I agree: “She says she has an alibi. All we have to do is talk to Wayne Shepherd and we’ll have a better idea.”

  So we decide that since we’re on the same lunch as Wayne, Tam and I will try to get him to say whether or not he was with Sydney when the spell was cast, and the once we know for sure that Sydney’s lying to us, we’ll come up with a plan to track down the talisman that’s creating the hex.

  We find Wayne eating his lunch with some friends in the cafeteria.
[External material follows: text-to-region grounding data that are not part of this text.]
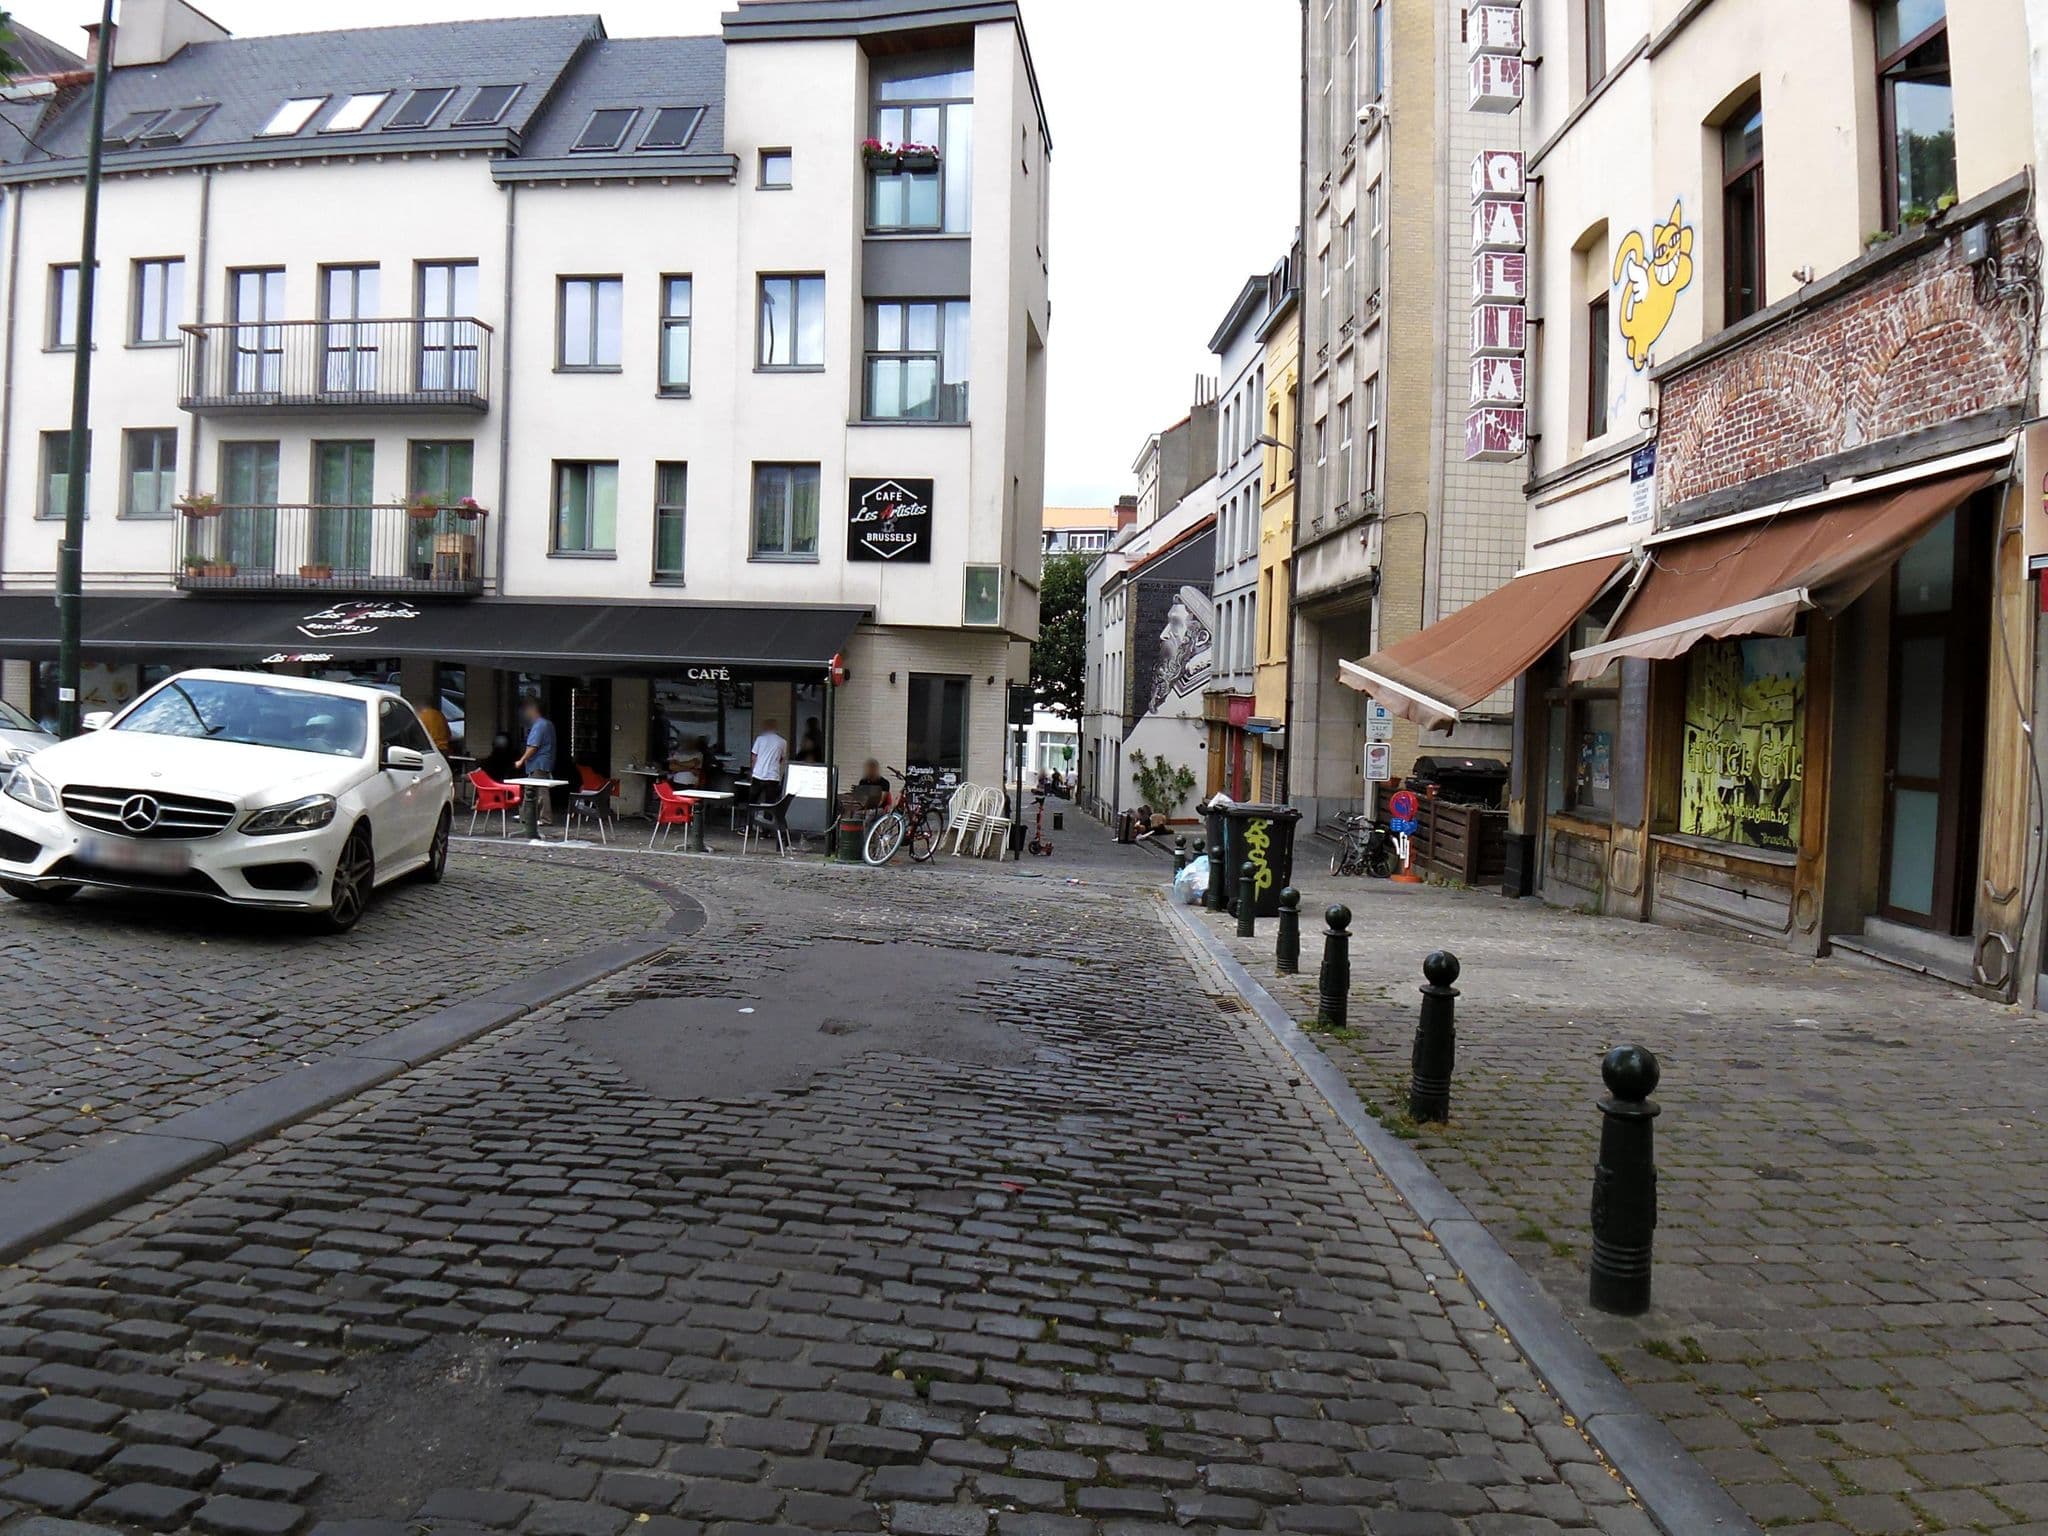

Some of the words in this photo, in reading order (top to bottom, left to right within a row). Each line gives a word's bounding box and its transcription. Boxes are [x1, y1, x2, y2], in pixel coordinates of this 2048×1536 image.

[1488, 154, 1521, 399] GALIA
[875, 489, 903, 501] CAFÉ
[850, 506, 879, 523] Les
[880, 502, 927, 519] Artistes
[866, 532, 912, 542] BRUSSELS
[687, 666, 730, 681] CAFÉ
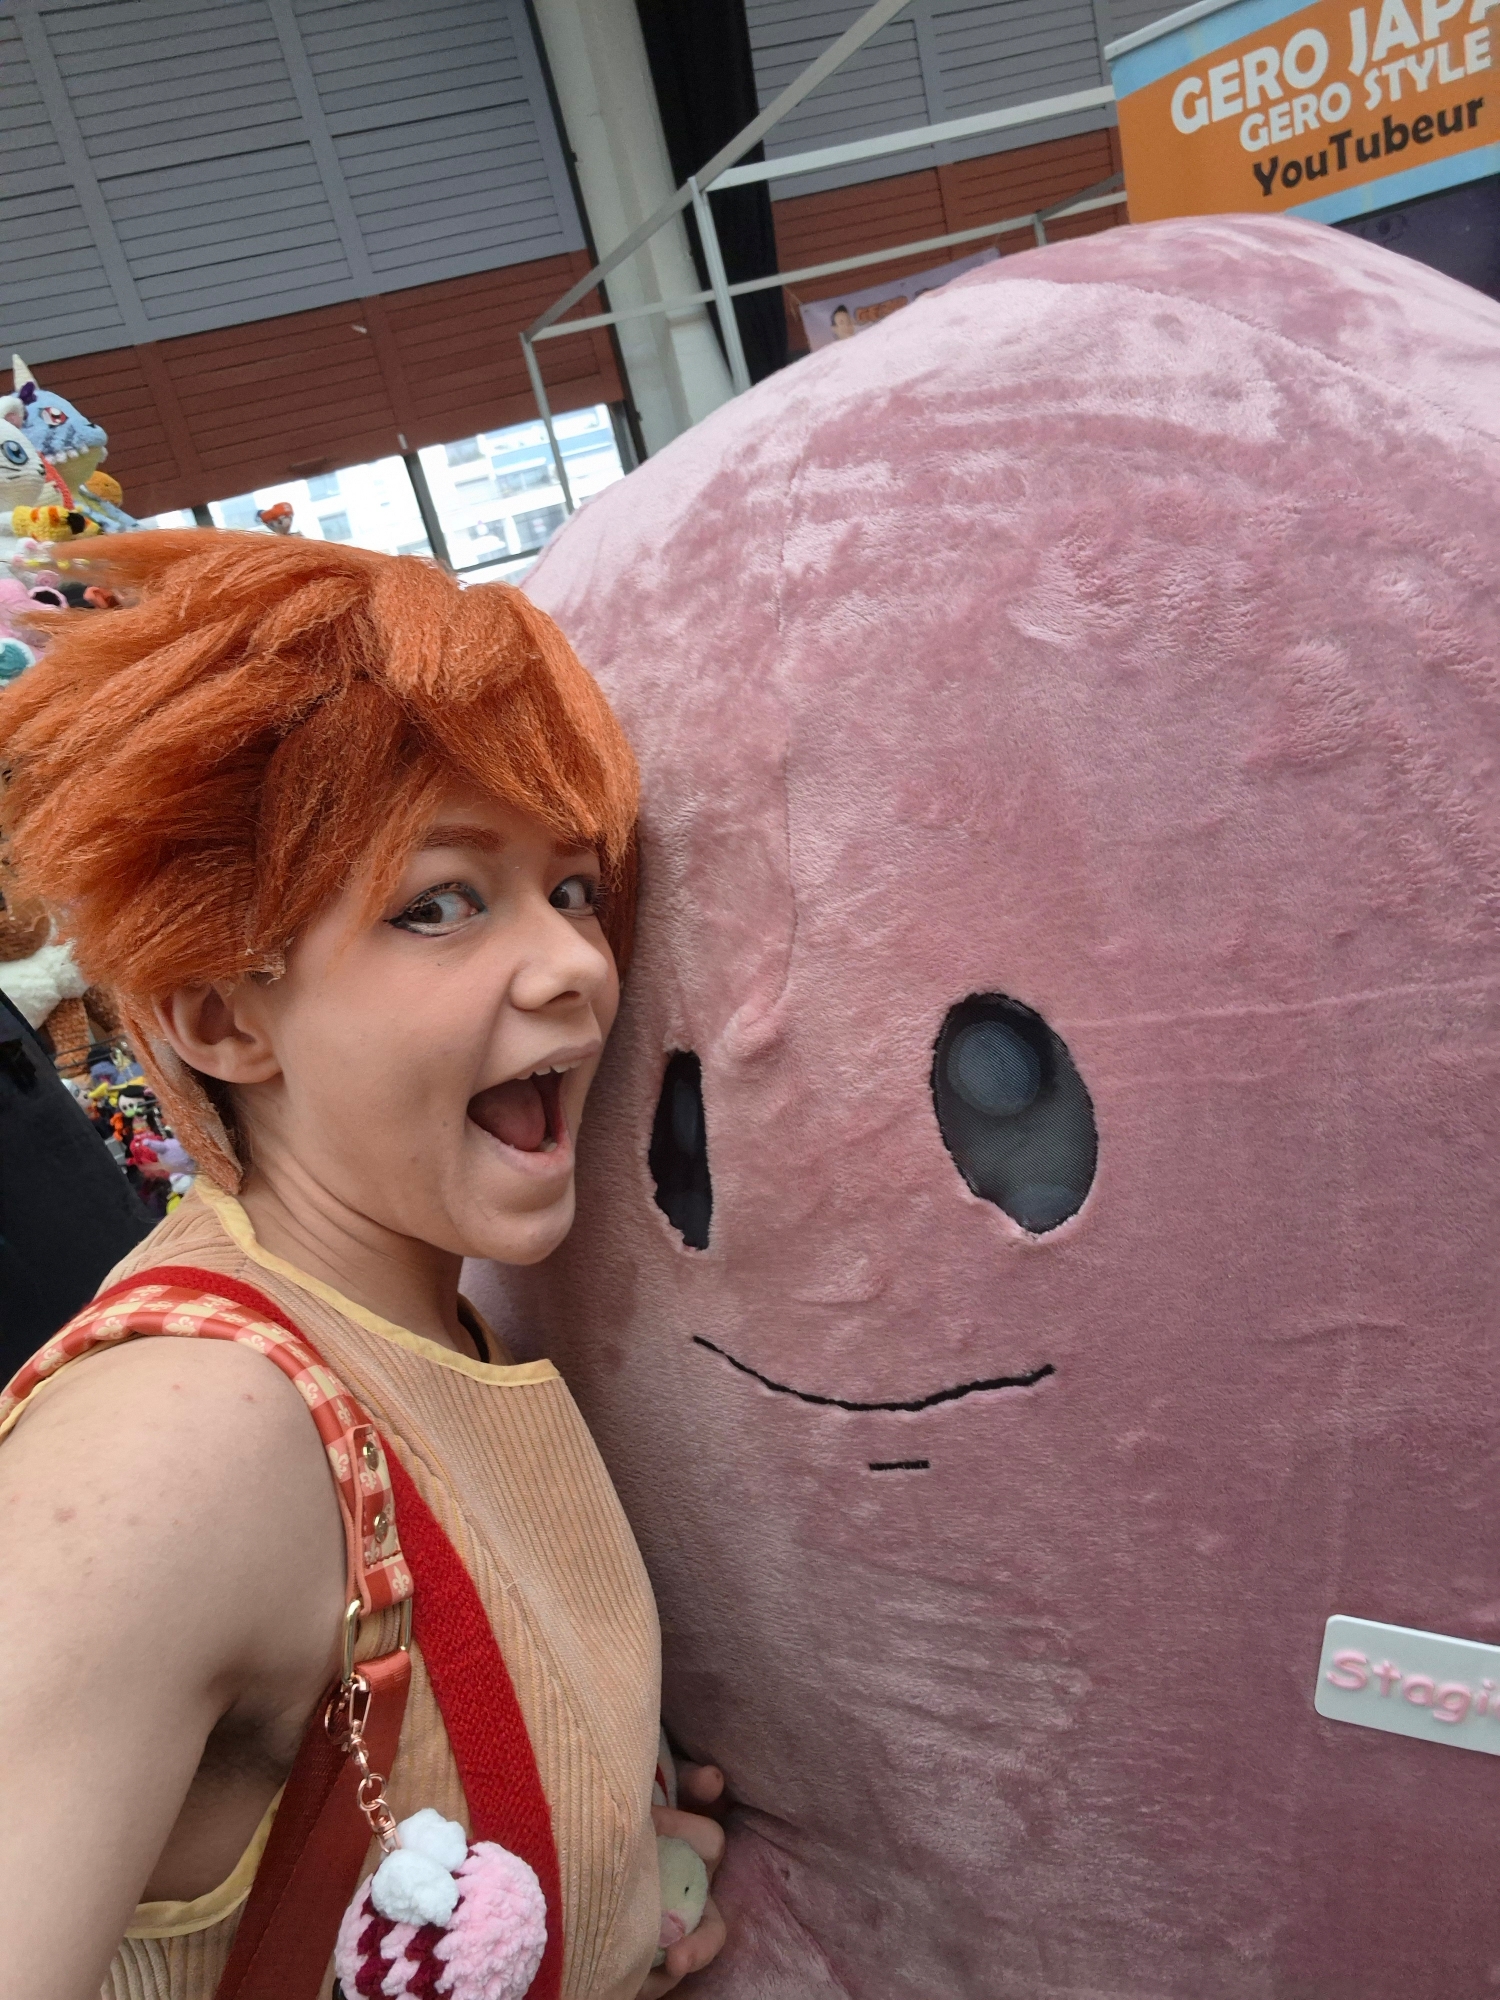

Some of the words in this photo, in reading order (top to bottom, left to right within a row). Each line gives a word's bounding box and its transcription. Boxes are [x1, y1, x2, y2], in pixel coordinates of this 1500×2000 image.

[1170, 28, 1329, 134] GERO
[1239, 82, 1352, 152] GERO
[1363, 26, 1491, 111] STYLE
[1252, 97, 1484, 197] YouTubeur
[1326, 1650, 1500, 1723] Stagi
  “Can we talk to you a second?” I ask.

  “I’m not on council anymore. If you have a question, ask Dina,” he says. We haven’t talked to him since before the election last term, so I guess he still thinks of us as helpful student council volunteers.

  “I know that, but I had something to talk to you about.” Wayne’s friends, all seniors, look at him like this visit by younger girls is somehow funny, but he gets up and comes over to an empty table with us.

  “I’m sure you know that last term Tam got into a fight with Sydney,” I say.

  “Yeah,” he says like I’m wasting his time.

  “Well last Wednesday somebody did something really bad to Tam and we think it was Sydney retaliating. But Sydney says she has an alibi. You.”

  He looks confused. “What exactly do you think she did?”

  “It doesn’t matter. What matters is that she said she was with you, on Wednesday, at eleven thirty. Can you confirm that or not?”

  Even though I’ve done all the talking, he looks at Tamara. “I don’t know what you have against Syd but leave her alone. It’s bad enough that Dina told all the girls they shouldn’t hang out with her anymore, now you’re going around slandering the poor girl.”

  Tam scoffs. “I can’t use my arm because of that bitch and she’ll do worse to me if she gets a chance.”

  “Whatever.”

  I interject. “Were you with her or not?”